Geeky book author Chris Godsoe, who wrote the recently published near-future sci-fi dystopia book pre://d.o.mai.n,   answered a few of our questions about himself and his book.

What makes you a geeky author?

The truth is, that for the longest time growing up, I didn’t even realize I was a geek. I didn’t realize that toying with a Commodore 64 was geeky, or playing Kaboom! with the Atari 2600 Paddle controller, or navigating the square knight in Adventure to the hidden easter egg of Warren Robinett’s name. I didn’t realize that investing hours upon hours of my summer vacation to save the kingdom of Hyrule was considered a worthy sacrifice to anyone else my age.

As I look around the apartment now, I see quite a bit of evidence of geek culture. I think my life is probably a lot like a lot of other geeks– we were geeks before we realized what a geek was.

Even today, I’ve unwittingly passed on the love of geek culture to my son.

pre://d.o.mai.n coverPre://d.o.mai.n was self-published and in other interviews online you’ve expressed how the benefits gap between self-publishing and traditional publishing are narrowing.

What are your thoughts about the future and the future of your series in this regard?

I see “hybrid” author arrangements becoming more commonplace, where an author has either different books or different versions of the same book being sold through different channels.

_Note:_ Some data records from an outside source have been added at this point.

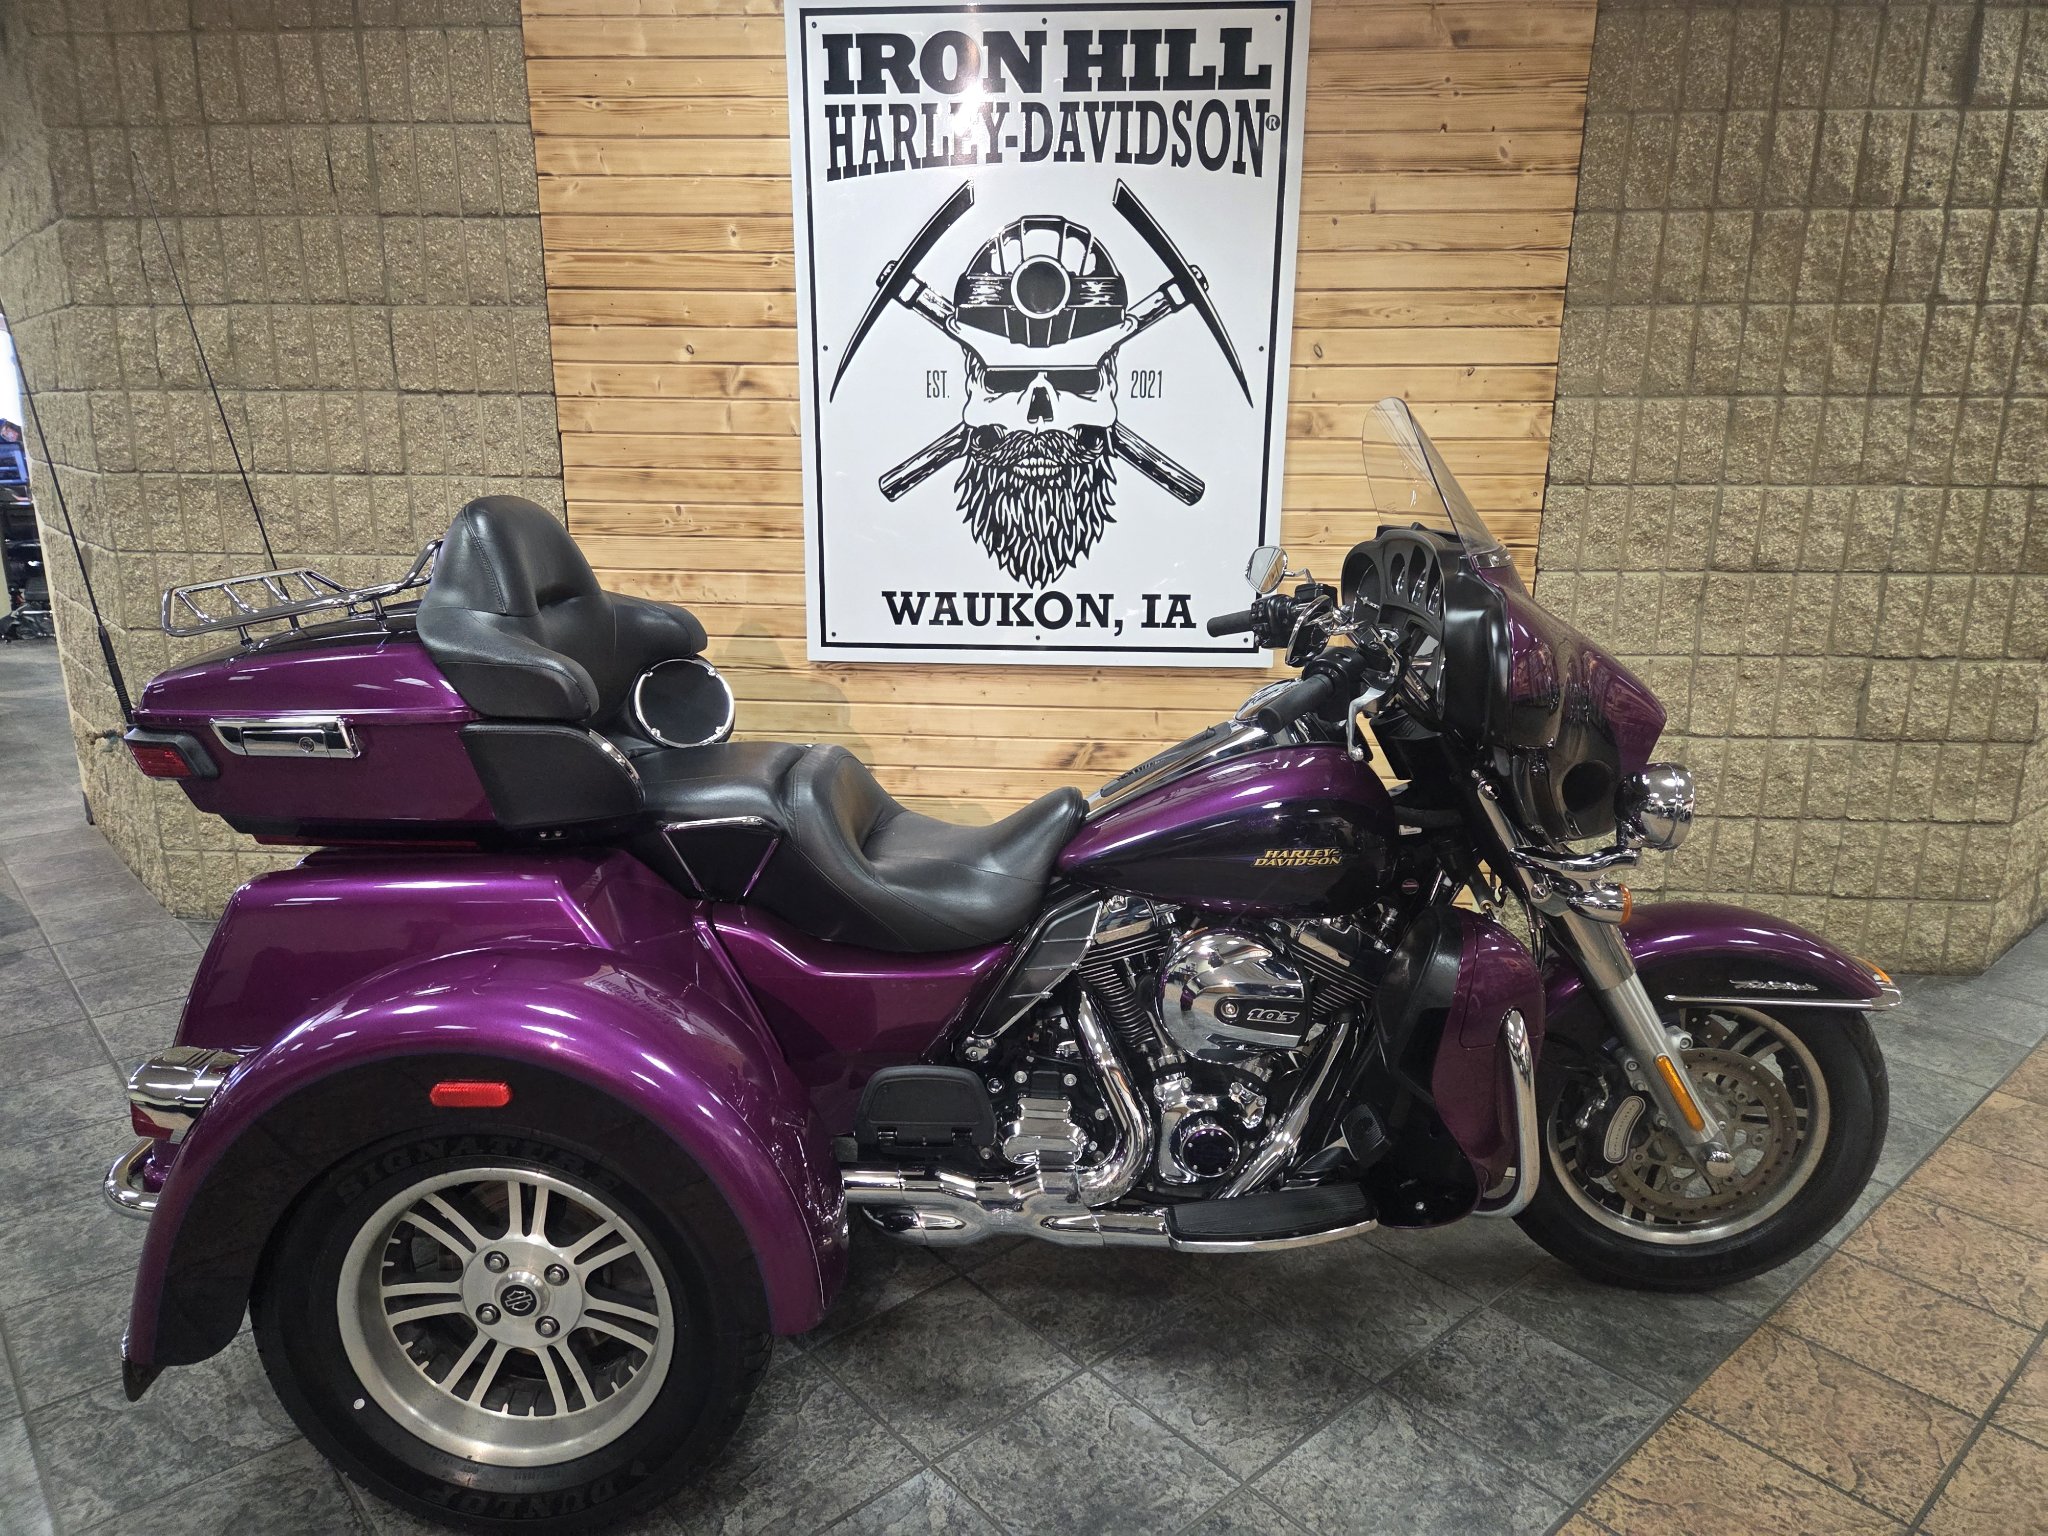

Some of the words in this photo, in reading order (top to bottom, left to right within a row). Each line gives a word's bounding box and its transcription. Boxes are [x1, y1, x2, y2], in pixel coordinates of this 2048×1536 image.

[822, 29, 1048, 95] IRON
[1063, 27, 1273, 92] HILL
[926, 370, 950, 399] EST.
[1130, 370, 1163, 399] 2021
[882, 590, 1123, 637] WAUKON,
[1141, 594, 1197, 629] IA
[1253, 857, 1342, 867] DAVIDSON
[1247, 1008, 1299, 1024] 103
[422, 1479, 614, 1518] DUNLOP

Hybrid arrangements generally occur when an author has an established ebook following. Rather than sell all the rights off to a traditional publisher, they sell them the print rights, and continue to self-publish the ebook versions. It’s really the best of both worlds, and as more and more authors and publishing houses open to it, it can only help the industry.

As far as I’m concerned? I love the freedom of independent publishing. However, I’m open to a hybrid deal, because receiving help on the editing and marketing efforts would free me up to do more writing. Right now, I do almost all of that on my own, and while I enjoy most of it, it can be tough.

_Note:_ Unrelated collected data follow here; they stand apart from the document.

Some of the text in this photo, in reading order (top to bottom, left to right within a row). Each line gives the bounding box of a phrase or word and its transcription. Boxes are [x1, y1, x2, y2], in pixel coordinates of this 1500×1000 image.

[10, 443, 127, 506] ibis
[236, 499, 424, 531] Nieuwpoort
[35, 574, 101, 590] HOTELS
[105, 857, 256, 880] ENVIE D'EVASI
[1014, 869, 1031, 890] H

Plus, it would just be cool to walk into your local store and see your book on the shelf, without you having to have twisted someone’s arm to carry it.

When you’re not working, where are you most likely to be found?

Usually working on animation or graphic in Blender.  I watch a lot of movies, and spend a lot of time looking for obscure foreign sci-fi on Netflix.

Now that pre://d.o.mai.n has been released, I’m hoping to find time this summer to get back out onto the golf course, and to get back to work on the 1984 Fiero SE 3100 twin turbo conversion I’ve been neglecting.

Anything you can tell us about where the rest of the series is heading (no spoilers!)?

This story in pre://d.o.mai.n is fairly small and intimate, with a small cast and a smaller premise: Miles and his fight to save his mother. The epilogue should give readers an idea where the narrative is heading, though. That’s about all I can say without giving too much away.

All of the characters from this book will be present moving forward, and beginning in the next book, tentatively titled darknet, you will learn more about them.The focus will shift away from Miles and begin to follow other characters as the world opens up more for the reader.

I wanted everything to evolve over the course of the books– from the characters, to the world they live in, to even the technology they use.

If you had to do it all over again, would you change anything in pre://d.o.mai.n?

I would have layered in more story threads, more hooks that I can draw from in the future.

I try to build everything I do in layers, from the narrative of the story to the book trailer I’ve released. People can watch that book trailer, and enjoy it superficially. After they’ve read the book, they can watch it again and see things they didn’t catch the first time around.

You write about near-future wearable tech in pre://d.o.mai.n. What do you think about a marriage of Google Glass and Oculus Rift?

The progress lately being made into virtual reality is amazing. All of the technology inside pre://d.o.mai.n is extrapolated from something that exists in crude form now, held together with velcro and bubble gum in a lab somewhere.

I started writing pre://d.o.mai.n a while back, and what really made me devote the time to finishing it soon was that much of the technology was threatening to beat it to market. A lesser known product that announced itself during the editing process reminded me so much of the SideARM’s of pre://d.o.mai.n that it caused me a lot of sleepless nights.

Google Glass and the Oculus Rift are the first steps into the augmented reality future I explore in pre://d.o.mai.n, and the geek in me is incredibly excited to get my hands on them. The author in me is excited as well, because describing augmented reality is incredibly difficult if people don’t have a frame of reference to work from.

Do you have anything else you’d like to add?

It’s been a blast writing this book [pre://d.o.mai.n], and I’m really looking forward to sharing more of that world with everyone. At this point I have more story ideas than time to write them, and it’s my sincere hope that it’s always that way.